KLFs are critical regulators of many physiological processes and are involved in disorders such as cardiovascular disease, cancer, and inflammatory conditions. While numerous zinc finger proteins are expressed in the lung, only a few have been clearly implicated in lung homeostasis and disease. A recent study by Bhattacharya and co-workers [29] identified biomarker genes enriched in functions related to DNA binding and regulation of transcription which allow the prediction of disease in an unrelated data set, generated from patients with severe emphysema, with 97% accuracy.
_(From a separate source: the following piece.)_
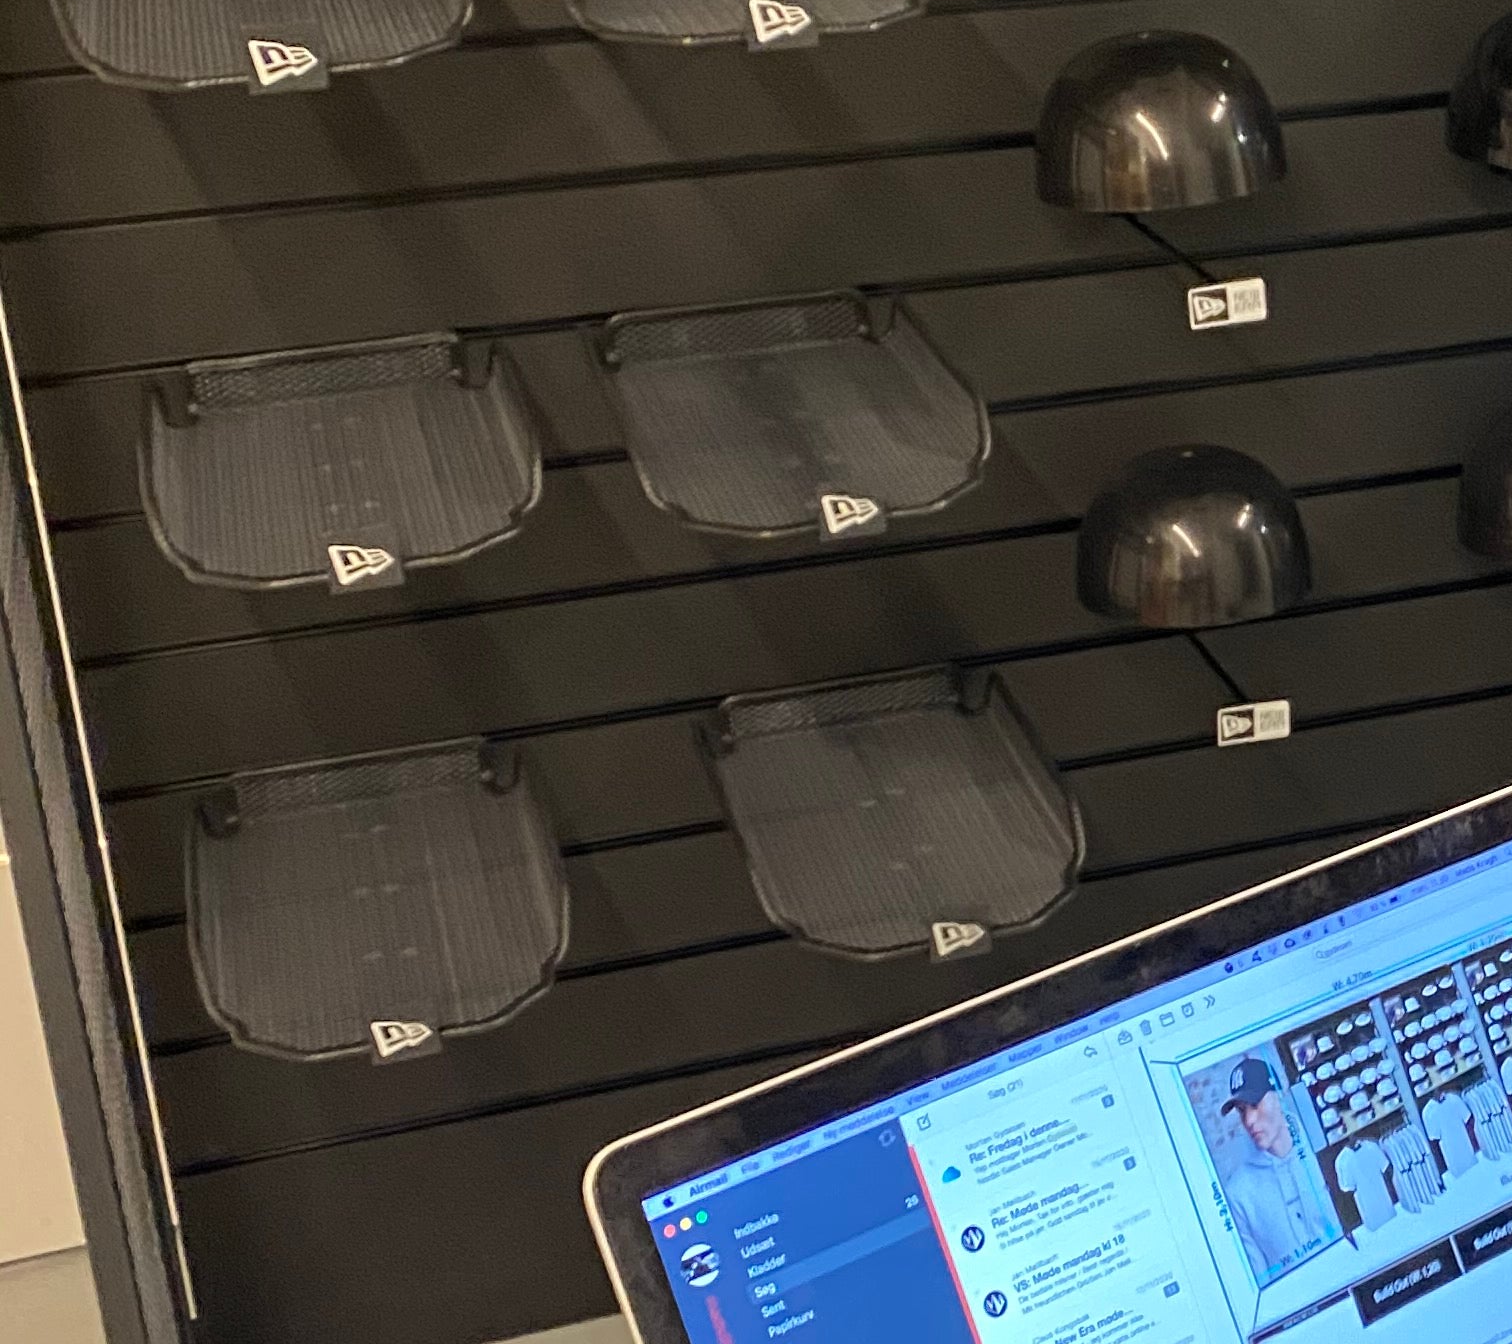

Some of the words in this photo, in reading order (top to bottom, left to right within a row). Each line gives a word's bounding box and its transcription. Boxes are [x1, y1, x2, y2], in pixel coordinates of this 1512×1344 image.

Although individual biomarkers in this study have not been identified, it is clearly shown that the selected genes include members of zinc finger–binding domain containing proteins. The patterns of KLF gene expression have not been considered in the pathobiology of AATD-associated COPD and warrants further investigation.

Lungs with end-stage emphysema display decreases in overall global gene expression, with pronounced increase in transcripts encoding pro-inflammatory mediators, immune-response proteins, and proteolytic enzymes. Some of these differentially-expressed genes are specifically linked to ZZ AATD-related emphysema. Results from the current study revealed a subgroup of genes from the zinc-finger family which perfectly segregated ZZ and MM COPD patients. This finding not only shows that these two types of emphysema can be distinguished from each other, but also provides a deeper insight into the pathophysiological mechanisms of lung emphysema with and without AATD.